Since January 2003, Spink has partnered with the Bank of England to offer low serial number banknotes and raise money for charity when new designs are issued. In November 2022, it was announced that the NatWest Group were offering their own paper money archives to raise funds for the Trussell Trust.

== Covid-19 ==
Following Prime Minister Boris Johnson's announcement of lockdown measures in the United Kingdom on 23 March 2020, Spink was the first numismatic auctioneer in the world to pioneer a successful 'hybrid' sale where every bidder participated virtually.

In July 2020, it was announced that Spink had remounted the campaign medals of Captain Sir Thomas Moore.

In 2022, the Antiques Trade Gazette announced that Spink was the leading auction firm in London for coins and medals.

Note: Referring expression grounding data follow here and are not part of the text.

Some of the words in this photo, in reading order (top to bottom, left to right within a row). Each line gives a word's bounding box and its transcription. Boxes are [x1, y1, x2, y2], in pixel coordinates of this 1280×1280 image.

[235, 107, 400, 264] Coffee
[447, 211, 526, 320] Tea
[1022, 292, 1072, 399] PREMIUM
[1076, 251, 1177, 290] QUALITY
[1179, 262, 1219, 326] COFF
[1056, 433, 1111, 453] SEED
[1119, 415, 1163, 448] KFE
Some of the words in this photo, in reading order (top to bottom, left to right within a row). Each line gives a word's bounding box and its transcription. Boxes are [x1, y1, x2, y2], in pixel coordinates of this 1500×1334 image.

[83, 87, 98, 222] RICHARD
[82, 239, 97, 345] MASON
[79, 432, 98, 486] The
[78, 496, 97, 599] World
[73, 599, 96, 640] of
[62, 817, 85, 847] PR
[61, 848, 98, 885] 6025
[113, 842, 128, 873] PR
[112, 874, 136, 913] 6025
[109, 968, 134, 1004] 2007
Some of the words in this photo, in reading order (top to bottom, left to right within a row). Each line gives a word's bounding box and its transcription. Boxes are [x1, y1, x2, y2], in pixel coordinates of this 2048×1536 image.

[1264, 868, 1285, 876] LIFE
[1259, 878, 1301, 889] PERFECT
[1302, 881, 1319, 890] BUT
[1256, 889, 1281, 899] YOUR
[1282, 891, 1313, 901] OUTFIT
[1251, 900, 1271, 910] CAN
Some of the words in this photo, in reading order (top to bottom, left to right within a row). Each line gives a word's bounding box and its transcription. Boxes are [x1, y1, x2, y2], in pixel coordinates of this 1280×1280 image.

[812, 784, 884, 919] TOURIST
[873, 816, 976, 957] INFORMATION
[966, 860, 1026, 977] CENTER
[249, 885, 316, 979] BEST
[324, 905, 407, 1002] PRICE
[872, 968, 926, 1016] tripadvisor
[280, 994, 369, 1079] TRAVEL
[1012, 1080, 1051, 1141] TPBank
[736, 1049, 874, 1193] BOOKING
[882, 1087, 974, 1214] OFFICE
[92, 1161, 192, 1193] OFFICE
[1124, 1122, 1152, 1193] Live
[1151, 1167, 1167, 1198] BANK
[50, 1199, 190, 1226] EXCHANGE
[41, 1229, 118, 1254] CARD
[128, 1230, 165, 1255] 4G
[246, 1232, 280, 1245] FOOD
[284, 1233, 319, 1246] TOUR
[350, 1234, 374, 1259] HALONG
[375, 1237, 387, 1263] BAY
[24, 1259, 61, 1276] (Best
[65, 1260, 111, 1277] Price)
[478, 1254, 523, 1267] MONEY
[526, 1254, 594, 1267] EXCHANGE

== Khmer antiquities probe==
In 2021, prosecutors and investigative journalists probed Spink & Son's historic relationship with antiquities trafficker Douglas Latchford, in relation to his false documentation of Khmer antiquities, sometimes together with Emma Bunker. Latchford was indicted, but Spink & Son as a separate entity under new management was not charged.

== Staff ==
Over several centuries, many notable numismatists and auction specialists have worked at Spink, including:

- William John Webster (1848–1919), Inspector of Coin for the Royal Mint, who joined the firm on 24 July 1893 until his death.
- Leonard Forrer (1869–1953), who created the Numismatic Circular, and edited it until his retirement in 1952.
- Leonard Steyning Forrer (1895–1968), son of Leonard and author of The Art of Collecting Coins (1955), who became an independent dealer in 1945.
- Rudolph Forrer (1896-1974), son of Leonard, specialising in numismatics and Egyptian, Greek and Roman antiquities. General Manager of Spinks for some years, retiring around 1960.
- William Charles Weight (1859–1923), who left the firm to become an independent dealer in 1908.
- Herbert Allen Seaby (1898–1979), who left the firm in 1926 to found rival Seaby's.
- Howard Linecar (1912–1985), author of numismatic publications who worked at the firm between 1935 and 1978.
- Douglas Gerard Liddell (1919–2003), who joined the firm in 1946 and worked until his retirement in 1987.
- Patrick Finn (1942–2000), who was Director of Numismatics until Spink was acquired by Christie's in 1993.
- Anthony Spink (1939–2019), Chairman, and last member of the original Spink family to work at the firm.